When chromosomal crossover occurs, two matched chromosomes swap matched sections of their chromosomes. My question is: how does the cell select where to to make the break on both chromosomes? Is it based on some attempt to match sequences on the two chromosomes, or purely on distance from the centromere? The mechanics of the former could be achieved by breaking the two strands of each chromosome at different places. The mechanics of the second is a simple walk from the centromere with a random(?) selection of where to cut.

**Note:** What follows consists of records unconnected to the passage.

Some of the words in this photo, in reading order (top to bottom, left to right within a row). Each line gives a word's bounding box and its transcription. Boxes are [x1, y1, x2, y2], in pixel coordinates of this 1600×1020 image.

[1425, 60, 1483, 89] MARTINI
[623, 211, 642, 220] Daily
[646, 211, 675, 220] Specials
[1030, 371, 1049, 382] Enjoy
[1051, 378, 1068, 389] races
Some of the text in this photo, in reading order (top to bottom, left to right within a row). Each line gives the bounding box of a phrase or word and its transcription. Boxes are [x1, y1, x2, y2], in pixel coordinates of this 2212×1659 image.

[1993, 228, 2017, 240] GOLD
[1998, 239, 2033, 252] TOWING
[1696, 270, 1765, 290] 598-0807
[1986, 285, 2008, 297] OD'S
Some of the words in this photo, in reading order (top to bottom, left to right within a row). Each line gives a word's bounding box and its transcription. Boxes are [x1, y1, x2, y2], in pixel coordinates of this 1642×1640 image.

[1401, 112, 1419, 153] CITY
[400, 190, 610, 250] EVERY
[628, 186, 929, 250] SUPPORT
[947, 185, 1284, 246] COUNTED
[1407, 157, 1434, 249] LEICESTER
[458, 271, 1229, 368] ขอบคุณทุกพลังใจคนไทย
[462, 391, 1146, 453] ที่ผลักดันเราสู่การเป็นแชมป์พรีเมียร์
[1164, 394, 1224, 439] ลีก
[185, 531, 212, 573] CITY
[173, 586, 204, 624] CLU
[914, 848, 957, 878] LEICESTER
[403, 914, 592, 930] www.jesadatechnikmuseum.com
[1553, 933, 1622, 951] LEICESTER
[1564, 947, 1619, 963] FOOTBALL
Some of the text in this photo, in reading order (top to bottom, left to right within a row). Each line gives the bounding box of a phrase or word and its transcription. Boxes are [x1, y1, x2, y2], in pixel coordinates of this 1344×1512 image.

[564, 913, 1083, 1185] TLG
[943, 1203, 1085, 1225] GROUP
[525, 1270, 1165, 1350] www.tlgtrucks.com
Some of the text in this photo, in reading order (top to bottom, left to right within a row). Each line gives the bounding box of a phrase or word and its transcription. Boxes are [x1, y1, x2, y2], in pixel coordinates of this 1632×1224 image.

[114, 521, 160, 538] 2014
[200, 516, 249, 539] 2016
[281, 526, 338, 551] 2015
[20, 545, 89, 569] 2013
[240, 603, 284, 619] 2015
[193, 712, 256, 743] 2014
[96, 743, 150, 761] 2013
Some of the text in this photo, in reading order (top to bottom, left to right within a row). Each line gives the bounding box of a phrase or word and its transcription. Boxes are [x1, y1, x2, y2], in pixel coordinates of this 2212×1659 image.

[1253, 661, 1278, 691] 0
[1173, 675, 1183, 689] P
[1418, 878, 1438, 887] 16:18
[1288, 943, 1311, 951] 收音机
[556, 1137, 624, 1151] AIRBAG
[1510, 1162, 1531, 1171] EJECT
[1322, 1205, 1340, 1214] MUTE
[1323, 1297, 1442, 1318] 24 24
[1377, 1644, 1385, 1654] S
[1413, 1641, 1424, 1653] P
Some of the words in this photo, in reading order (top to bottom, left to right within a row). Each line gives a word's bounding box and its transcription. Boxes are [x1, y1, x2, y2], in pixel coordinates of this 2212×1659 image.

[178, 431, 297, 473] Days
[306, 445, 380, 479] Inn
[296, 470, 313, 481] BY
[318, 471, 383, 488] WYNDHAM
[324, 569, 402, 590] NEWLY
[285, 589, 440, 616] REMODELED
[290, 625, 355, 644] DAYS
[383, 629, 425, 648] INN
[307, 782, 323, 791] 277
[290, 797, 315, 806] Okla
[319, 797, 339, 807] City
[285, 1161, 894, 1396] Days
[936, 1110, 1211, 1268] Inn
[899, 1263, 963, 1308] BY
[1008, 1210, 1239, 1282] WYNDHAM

The purpose of this question: if the process is based on distance from the centromere then it would provide an explanation the presence of junk DNA. Successful crossover requires that the number of functioning genes on the two chromosomes not be radically altered in quantity. A failed crossover would result in at least one of the gametes being non-viable, reducing fertility. If crossover is based on centromere distance then the location of genes becomes a factor in the success of a crossover, erecting a fitness barrier between populations with radically different gene placement, even if gene content is identical.
If this is a question without an answer, currently, one way to address it would be to try to cross breed knockout mice that don't have junk DNA with ordinary mice that do. If the fertility of the cross breeding is significantly lower than than knockout with knockout and normal with normal, or if the cross breeds are less fecund, then that would provide evidence for position based crossovers, and a function for junk DNA in the crossover process.